▸ EXERCISE GOAL: Your answer is the line containing "this 1299×1298 image." plus every line after it to the end of the data below, transcribed exactly and with nothing else.

▸ MATERIAL FOR THIS TASK:
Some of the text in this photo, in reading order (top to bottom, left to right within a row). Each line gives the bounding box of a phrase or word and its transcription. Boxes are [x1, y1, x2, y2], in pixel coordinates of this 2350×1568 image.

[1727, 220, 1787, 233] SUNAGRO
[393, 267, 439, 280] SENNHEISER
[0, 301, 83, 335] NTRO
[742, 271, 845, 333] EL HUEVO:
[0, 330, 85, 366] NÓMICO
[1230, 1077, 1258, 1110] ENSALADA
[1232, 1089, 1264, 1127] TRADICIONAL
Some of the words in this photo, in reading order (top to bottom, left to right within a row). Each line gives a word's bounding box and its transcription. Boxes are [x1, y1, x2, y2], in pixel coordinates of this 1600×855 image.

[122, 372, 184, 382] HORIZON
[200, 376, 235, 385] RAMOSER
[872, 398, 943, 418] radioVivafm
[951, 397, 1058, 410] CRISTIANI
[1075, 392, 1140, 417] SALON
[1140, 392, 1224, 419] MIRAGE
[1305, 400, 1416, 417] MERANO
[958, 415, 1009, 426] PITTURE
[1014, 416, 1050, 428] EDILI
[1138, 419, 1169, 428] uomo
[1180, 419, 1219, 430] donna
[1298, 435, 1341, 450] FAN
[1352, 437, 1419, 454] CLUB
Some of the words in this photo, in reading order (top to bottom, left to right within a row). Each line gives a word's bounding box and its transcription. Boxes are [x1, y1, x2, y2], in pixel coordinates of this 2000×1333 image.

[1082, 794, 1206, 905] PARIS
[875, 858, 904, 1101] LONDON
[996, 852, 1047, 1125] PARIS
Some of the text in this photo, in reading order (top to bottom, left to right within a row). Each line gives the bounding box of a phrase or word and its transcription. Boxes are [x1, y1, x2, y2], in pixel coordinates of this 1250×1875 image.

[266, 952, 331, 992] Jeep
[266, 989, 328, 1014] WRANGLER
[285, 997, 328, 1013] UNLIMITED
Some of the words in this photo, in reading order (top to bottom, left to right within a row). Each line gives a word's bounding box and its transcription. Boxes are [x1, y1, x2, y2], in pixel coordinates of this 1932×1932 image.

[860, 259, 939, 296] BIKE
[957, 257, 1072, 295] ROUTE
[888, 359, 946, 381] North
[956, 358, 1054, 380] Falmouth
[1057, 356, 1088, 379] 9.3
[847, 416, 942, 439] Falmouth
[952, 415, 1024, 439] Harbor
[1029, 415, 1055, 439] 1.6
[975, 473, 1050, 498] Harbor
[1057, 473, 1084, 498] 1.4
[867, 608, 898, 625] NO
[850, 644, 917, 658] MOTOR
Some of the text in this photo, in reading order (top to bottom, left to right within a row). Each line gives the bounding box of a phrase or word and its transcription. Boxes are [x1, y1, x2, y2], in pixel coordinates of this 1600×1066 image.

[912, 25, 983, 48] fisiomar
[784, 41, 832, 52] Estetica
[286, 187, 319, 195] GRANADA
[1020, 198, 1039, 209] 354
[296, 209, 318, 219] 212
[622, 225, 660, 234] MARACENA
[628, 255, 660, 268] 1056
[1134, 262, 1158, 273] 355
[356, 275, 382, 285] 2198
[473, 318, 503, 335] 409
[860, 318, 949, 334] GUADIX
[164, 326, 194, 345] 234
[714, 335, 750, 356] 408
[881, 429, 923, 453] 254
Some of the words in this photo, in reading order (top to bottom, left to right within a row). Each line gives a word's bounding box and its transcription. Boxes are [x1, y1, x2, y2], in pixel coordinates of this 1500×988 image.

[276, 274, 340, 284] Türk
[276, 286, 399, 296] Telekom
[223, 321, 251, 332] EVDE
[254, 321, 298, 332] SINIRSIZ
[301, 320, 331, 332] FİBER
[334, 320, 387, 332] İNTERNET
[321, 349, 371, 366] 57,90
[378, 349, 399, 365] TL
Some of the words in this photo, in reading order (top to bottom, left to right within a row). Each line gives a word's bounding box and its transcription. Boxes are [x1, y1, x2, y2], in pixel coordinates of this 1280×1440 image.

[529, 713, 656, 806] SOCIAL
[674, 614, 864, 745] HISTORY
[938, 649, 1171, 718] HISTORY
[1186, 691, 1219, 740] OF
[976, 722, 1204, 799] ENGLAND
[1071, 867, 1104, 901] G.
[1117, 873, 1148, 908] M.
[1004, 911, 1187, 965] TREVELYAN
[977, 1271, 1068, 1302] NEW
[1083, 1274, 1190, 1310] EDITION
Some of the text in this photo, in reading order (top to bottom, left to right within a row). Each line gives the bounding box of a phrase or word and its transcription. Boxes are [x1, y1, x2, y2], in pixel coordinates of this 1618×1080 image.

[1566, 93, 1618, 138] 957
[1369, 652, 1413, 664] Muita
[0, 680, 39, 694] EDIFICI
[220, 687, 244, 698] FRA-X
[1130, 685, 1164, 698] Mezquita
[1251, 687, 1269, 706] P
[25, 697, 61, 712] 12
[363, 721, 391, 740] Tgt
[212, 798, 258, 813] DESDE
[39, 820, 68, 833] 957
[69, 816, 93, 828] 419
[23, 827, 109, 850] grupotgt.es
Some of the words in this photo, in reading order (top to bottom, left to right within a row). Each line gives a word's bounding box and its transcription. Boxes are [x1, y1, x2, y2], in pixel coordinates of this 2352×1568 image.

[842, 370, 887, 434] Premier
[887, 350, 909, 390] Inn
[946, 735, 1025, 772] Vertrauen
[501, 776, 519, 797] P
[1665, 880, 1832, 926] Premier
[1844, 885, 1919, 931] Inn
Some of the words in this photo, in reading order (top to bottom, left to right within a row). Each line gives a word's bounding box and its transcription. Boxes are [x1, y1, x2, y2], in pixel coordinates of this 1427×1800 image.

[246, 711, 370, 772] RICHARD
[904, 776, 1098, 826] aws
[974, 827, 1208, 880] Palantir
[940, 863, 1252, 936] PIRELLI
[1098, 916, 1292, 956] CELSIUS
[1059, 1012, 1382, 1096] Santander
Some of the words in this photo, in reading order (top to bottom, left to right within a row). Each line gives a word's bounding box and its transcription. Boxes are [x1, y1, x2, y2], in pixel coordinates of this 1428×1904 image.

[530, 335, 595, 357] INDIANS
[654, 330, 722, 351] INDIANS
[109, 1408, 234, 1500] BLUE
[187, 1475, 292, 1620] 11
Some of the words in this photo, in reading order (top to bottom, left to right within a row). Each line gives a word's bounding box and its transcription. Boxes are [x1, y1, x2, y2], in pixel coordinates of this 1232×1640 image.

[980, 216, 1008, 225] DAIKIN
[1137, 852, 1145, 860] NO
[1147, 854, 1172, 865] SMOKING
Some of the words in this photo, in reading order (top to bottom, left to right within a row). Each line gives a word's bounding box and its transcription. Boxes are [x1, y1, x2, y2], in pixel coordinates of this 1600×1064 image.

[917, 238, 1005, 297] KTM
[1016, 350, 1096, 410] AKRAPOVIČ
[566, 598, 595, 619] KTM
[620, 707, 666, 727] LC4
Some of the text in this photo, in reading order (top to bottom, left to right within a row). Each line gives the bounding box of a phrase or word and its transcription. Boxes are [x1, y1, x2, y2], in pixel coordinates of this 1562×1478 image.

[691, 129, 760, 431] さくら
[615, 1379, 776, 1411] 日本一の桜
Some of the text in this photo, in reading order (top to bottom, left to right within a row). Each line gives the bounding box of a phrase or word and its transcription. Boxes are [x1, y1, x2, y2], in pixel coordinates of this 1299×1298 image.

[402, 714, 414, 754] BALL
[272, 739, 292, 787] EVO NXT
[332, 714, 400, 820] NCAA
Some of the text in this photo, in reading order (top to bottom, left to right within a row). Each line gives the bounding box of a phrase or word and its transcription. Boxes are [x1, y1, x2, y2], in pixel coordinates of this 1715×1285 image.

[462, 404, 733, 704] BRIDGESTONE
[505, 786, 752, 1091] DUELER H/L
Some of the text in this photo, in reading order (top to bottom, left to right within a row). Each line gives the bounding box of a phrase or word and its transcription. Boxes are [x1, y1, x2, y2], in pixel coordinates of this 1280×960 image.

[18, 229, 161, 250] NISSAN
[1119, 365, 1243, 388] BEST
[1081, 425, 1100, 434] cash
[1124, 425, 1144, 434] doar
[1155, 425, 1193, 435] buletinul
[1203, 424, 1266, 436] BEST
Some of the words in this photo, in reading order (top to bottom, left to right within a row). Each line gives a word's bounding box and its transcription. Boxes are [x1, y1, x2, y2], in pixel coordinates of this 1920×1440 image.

▸ ANSWER SECTION:
Some of the text in this photo, in reading order (top to bottom, left to right within a row). Each line gives the bounding box of a phrase or word and its transcription. Boxes are [x1, y1, x2, y2], in pixel coordinates of this 1299×1298 image.

[402, 714, 414, 754] BALL
[272, 739, 292, 787] EVO NXT
[332, 714, 400, 820] NCAA
Some of the text in this photo, in reading order (top to bottom, left to right within a row). Each line gives the bounding box of a phrase or word and its transcription. Boxes are [x1, y1, x2, y2], in pixel coordinates of this 1715×1285 image.

[462, 404, 733, 704] BRIDGESTONE
[505, 786, 752, 1091] DUELER H/L
Some of the text in this photo, in reading order (top to bottom, left to right within a row). Each line gives the bounding box of a phrase or word and its transcription. Boxes are [x1, y1, x2, y2], in pixel coordinates of this 1280×960 image.

[18, 229, 161, 250] NISSAN
[1119, 365, 1243, 388] BEST
[1081, 425, 1100, 434] cash
[1124, 425, 1144, 434] doar
[1155, 425, 1193, 435] buletinul
[1203, 424, 1266, 436] BEST
Some of the words in this photo, in reading order (top to bottom, left to right within a row). Each line gives a word's bounding box and its transcription. Boxes are [x1, y1, x2, y2], in pixel coordinates of this 1920×1440 image.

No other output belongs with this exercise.